__WHAT IS EXPECTED__.
Once the pictures are set aside, print the records that follow exactly as written.

__MATERIAL SUPPLIED__.
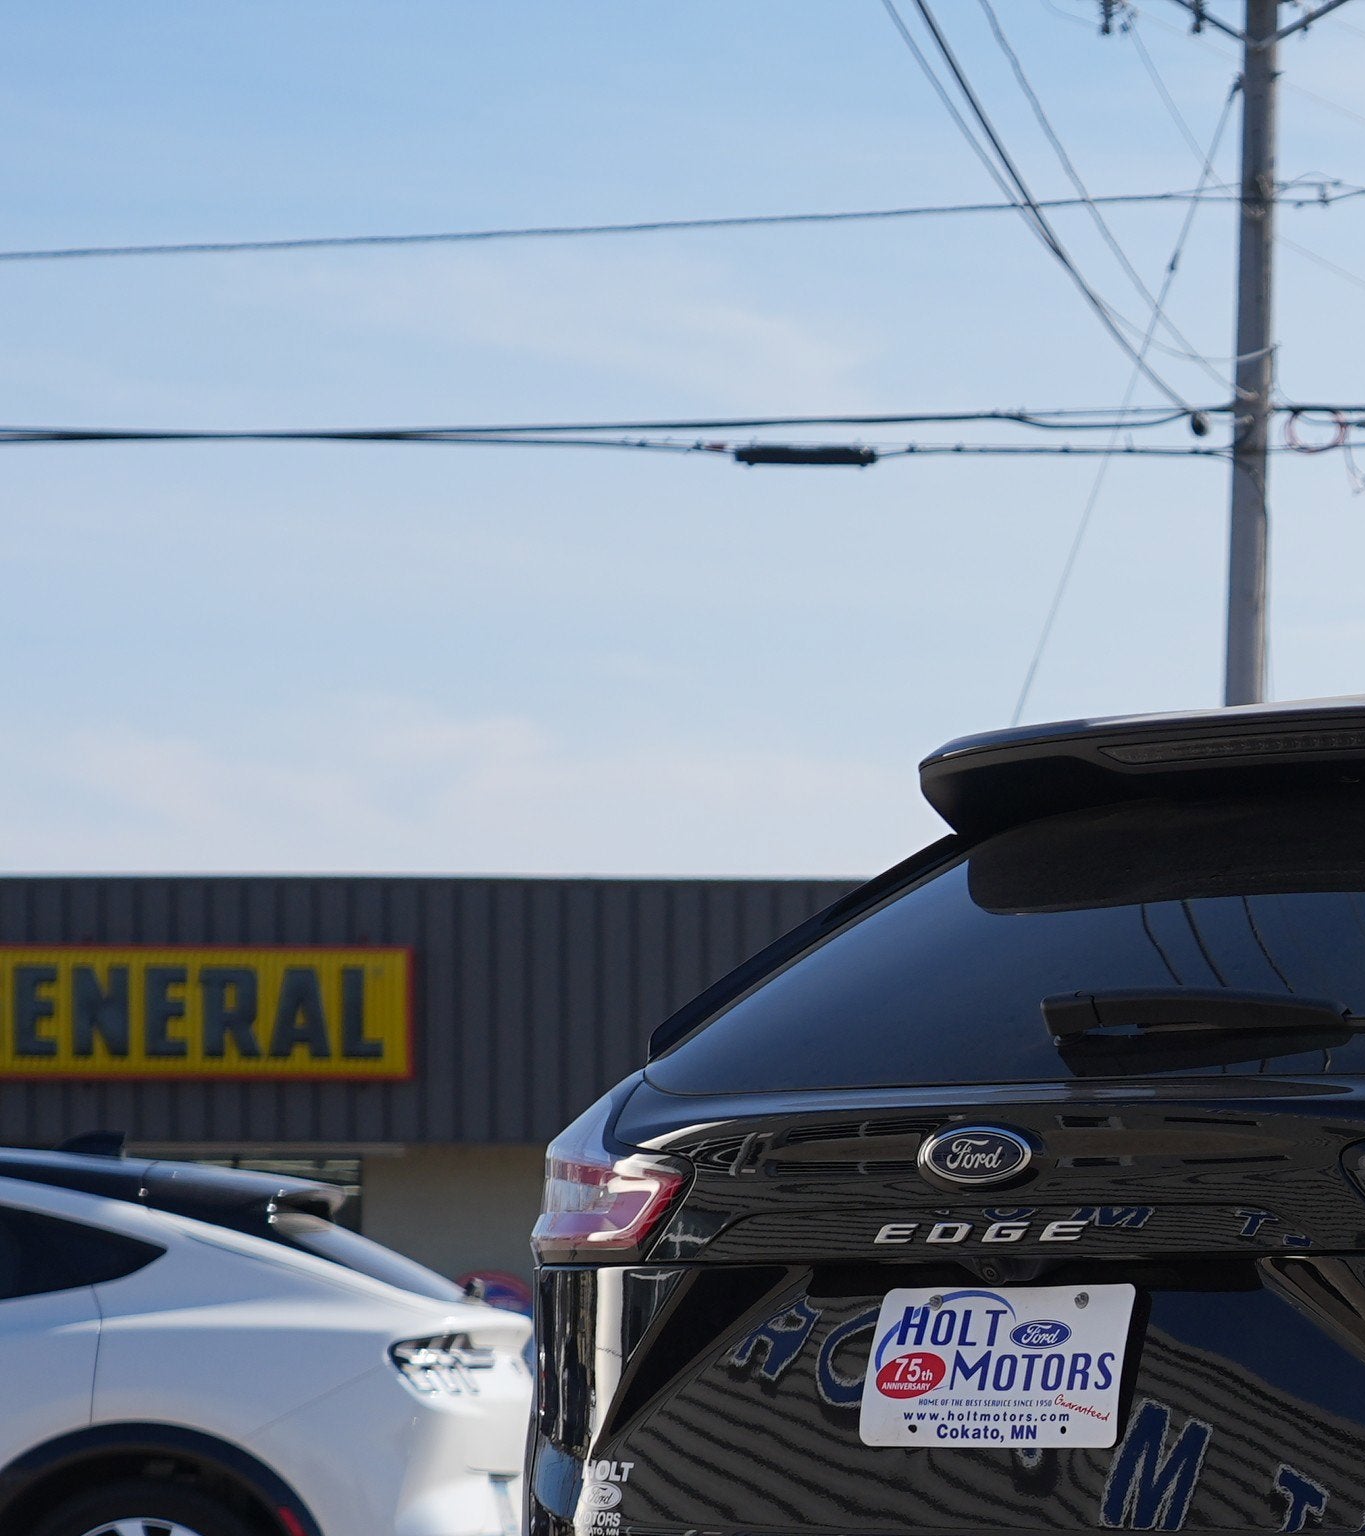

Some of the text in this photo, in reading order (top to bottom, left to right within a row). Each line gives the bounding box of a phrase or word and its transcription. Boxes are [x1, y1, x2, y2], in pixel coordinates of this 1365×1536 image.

[12, 964, 385, 1058] ENERAL
[946, 1138, 1004, 1170] Ford
[873, 1220, 1089, 1244] EDGE
[896, 1306, 1008, 1347] HOLT
[1021, 1323, 1060, 1345] Ford
[893, 1357, 934, 1382] 75th
[949, 1350, 1116, 1392] MOTORS
[881, 1380, 932, 1391] ANNIVERSARY
[918, 1398, 939, 1406] HOME
[951, 1399, 964, 1407] THE
[965, 1399, 983, 1407] BEST
[1054, 1393, 1111, 1422] Guaranteed
[903, 1410, 1070, 1422] www.holtmotors.com
[936, 1423, 1038, 1443] Cokato, MN
[581, 1459, 635, 1483] HOLT
[577, 1511, 621, 1527] OTORS
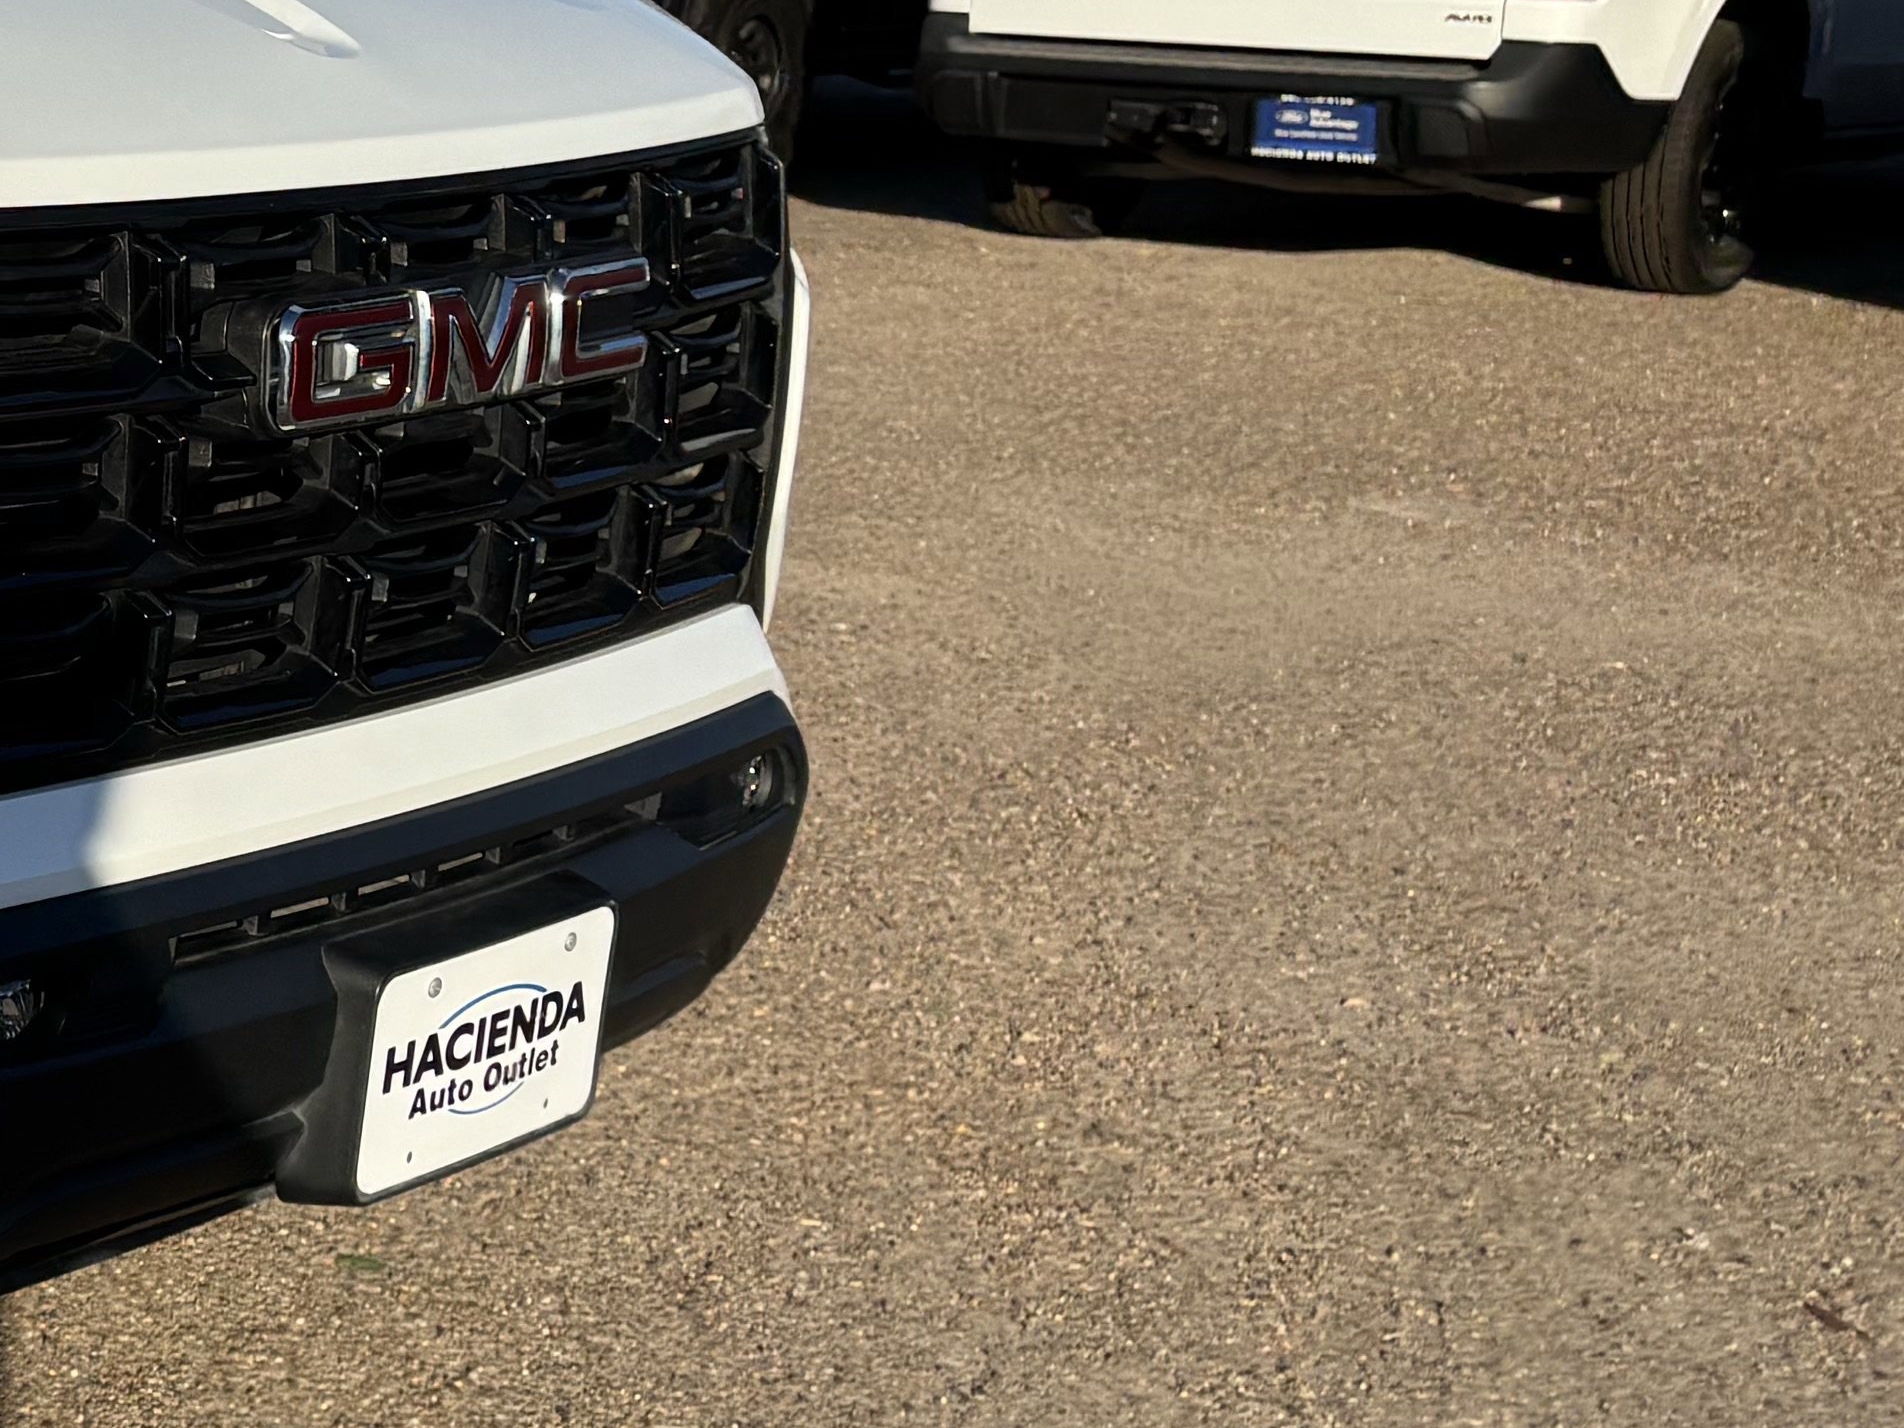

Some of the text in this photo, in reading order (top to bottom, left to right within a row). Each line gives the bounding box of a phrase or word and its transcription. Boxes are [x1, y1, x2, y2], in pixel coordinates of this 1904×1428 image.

__WRITTEN ANSWER__.
Some of the text in this photo, in reading order (top to bottom, left to right within a row). Each line gives the bounding box of a phrase or word and its transcription. Boxes are [x1, y1, x2, y2], in pixel coordinates of this 1365×1536 image.

[12, 964, 385, 1058] ENERAL
[946, 1138, 1004, 1170] Ford
[873, 1220, 1089, 1244] EDGE
[896, 1306, 1008, 1347] HOLT
[1021, 1323, 1060, 1345] Ford
[893, 1357, 934, 1382] 75th
[949, 1350, 1116, 1392] MOTORS
[881, 1380, 932, 1391] ANNIVERSARY
[918, 1398, 939, 1406] HOME
[951, 1399, 964, 1407] THE
[965, 1399, 983, 1407] BEST
[1054, 1393, 1111, 1422] Guaranteed
[903, 1410, 1070, 1422] www.holtmotors.com
[936, 1423, 1038, 1443] Cokato, MN
[581, 1459, 635, 1483] HOLT
[577, 1511, 621, 1527] OTORS

Some of the text in this photo, in reading order (top to bottom, left to right within a row). Each line gives the bounding box of a phrase or word and its transcription. Boxes are [x1, y1, x2, y2], in pixel coordinates of this 1904×1428 image.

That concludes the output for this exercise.